The task: What you return must match the data below exactly, minus any pictures.

Records shown:
======

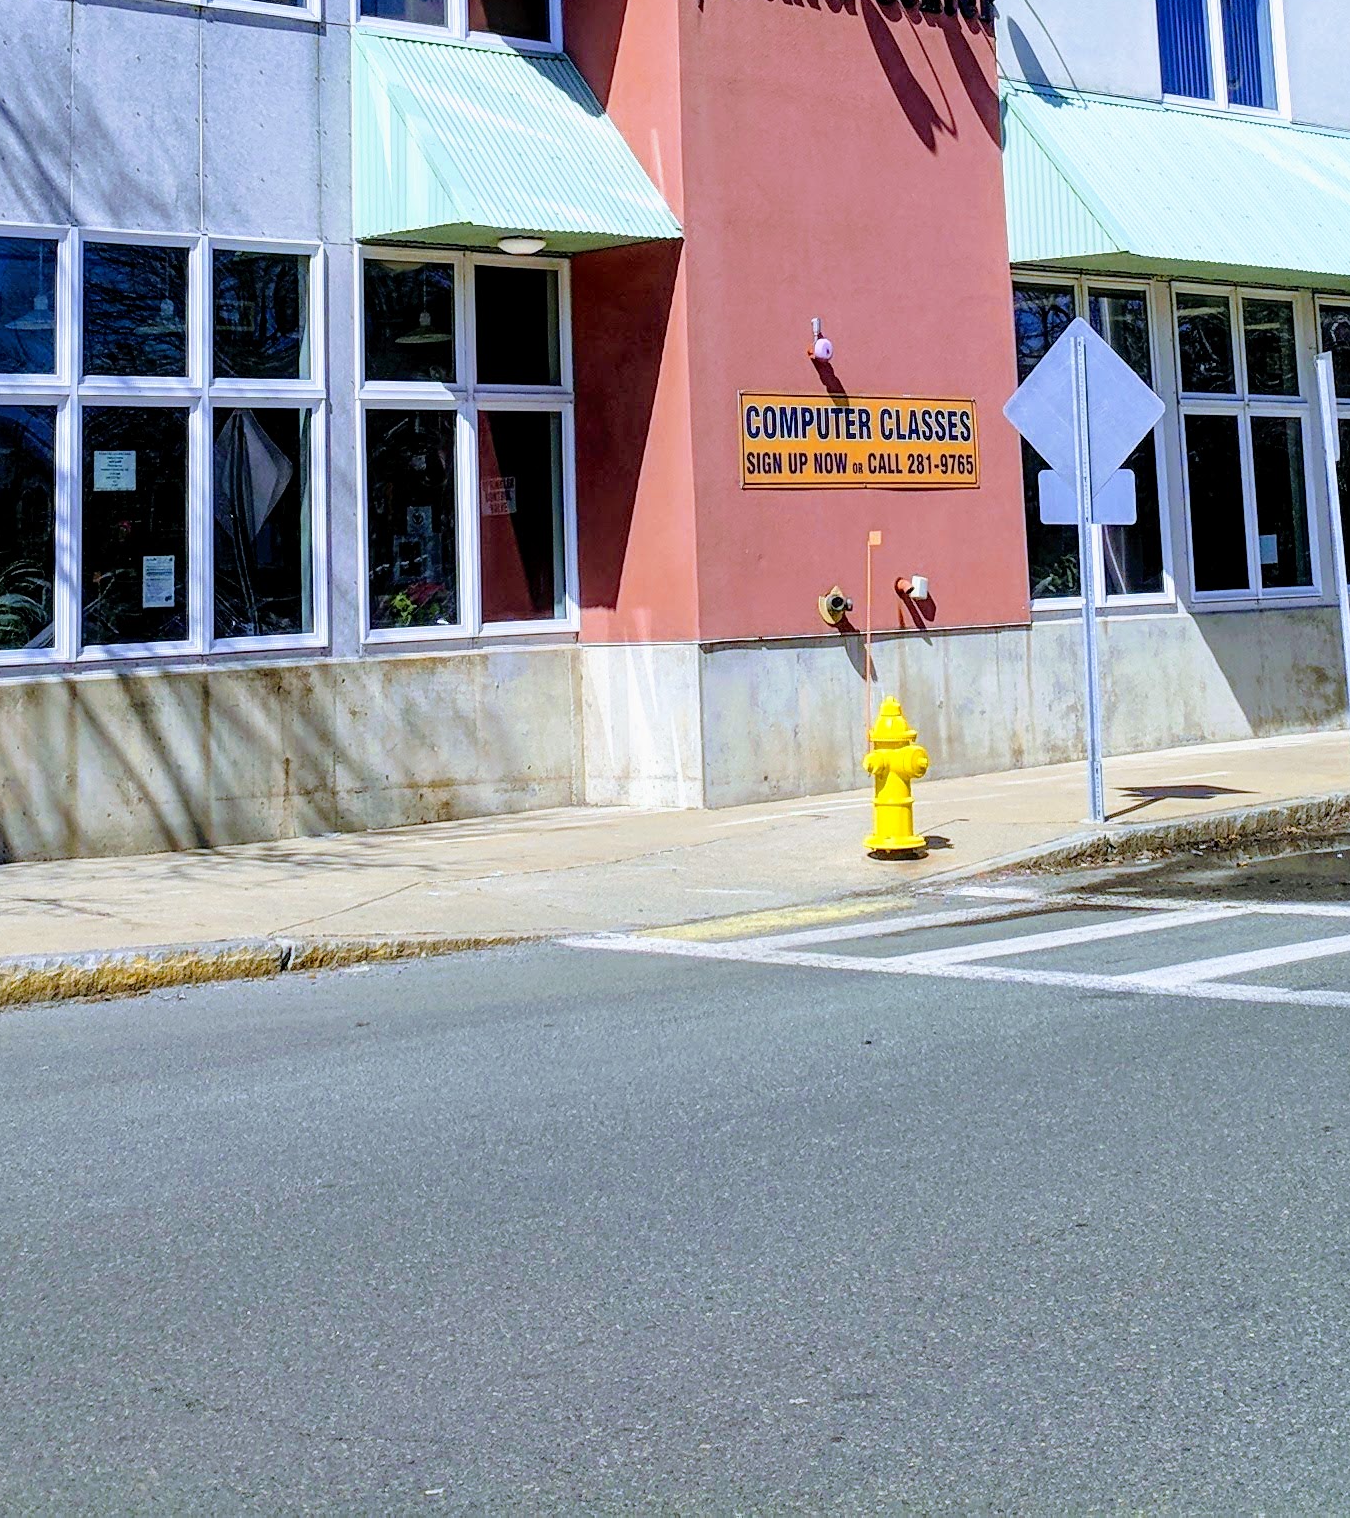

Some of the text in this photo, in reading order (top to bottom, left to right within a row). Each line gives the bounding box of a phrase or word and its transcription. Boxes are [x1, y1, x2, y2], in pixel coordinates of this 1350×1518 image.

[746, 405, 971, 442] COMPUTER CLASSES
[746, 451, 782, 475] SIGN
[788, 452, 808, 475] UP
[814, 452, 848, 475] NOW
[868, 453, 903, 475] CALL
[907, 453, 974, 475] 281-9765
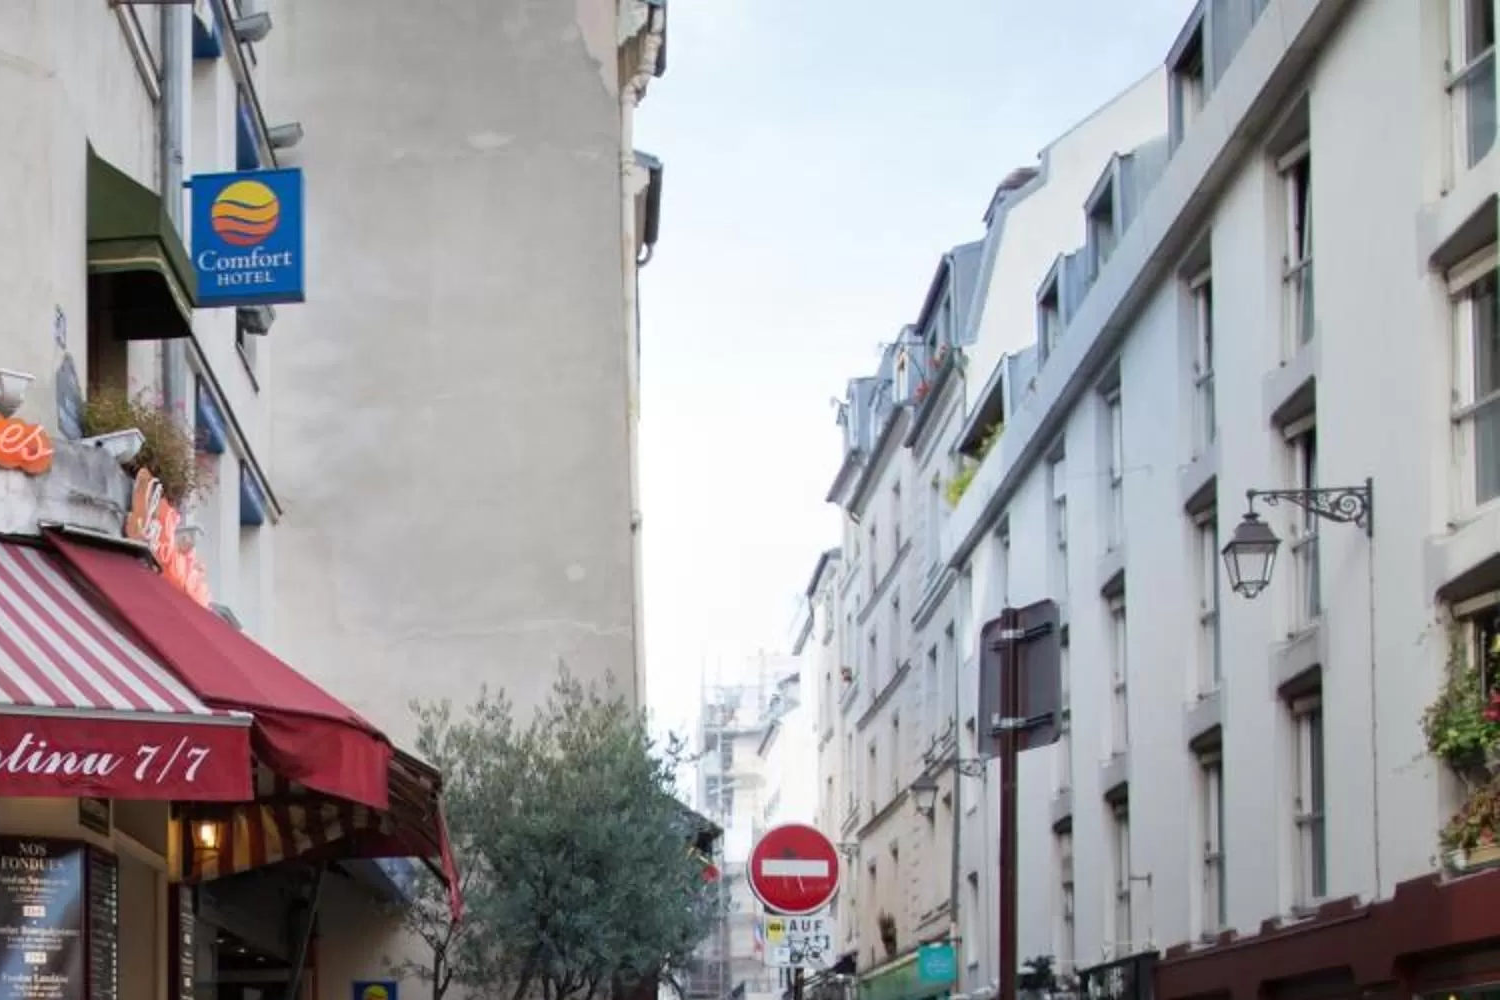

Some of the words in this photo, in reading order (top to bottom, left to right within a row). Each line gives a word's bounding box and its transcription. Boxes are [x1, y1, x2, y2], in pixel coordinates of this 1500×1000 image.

======

Answer below:
Some of the text in this photo, in reading order (top to bottom, left to right within a row). Each line gives the bounding box of a phrase or word and its transcription. Boxes are [x1, y1, x2, y2], in pixel coordinates of this 1350×1518 image.

[746, 405, 971, 442] COMPUTER CLASSES
[746, 451, 782, 475] SIGN
[788, 452, 808, 475] UP
[814, 452, 848, 475] NOW
[868, 453, 903, 475] CALL
[907, 453, 974, 475] 281-9765

Some of the words in this photo, in reading order (top to bottom, left to right within a row). Each line gives a word's bounding box and its transcription. Boxes are [x1, y1, x2, y2], in pixel coordinates of this 1500×1000 image.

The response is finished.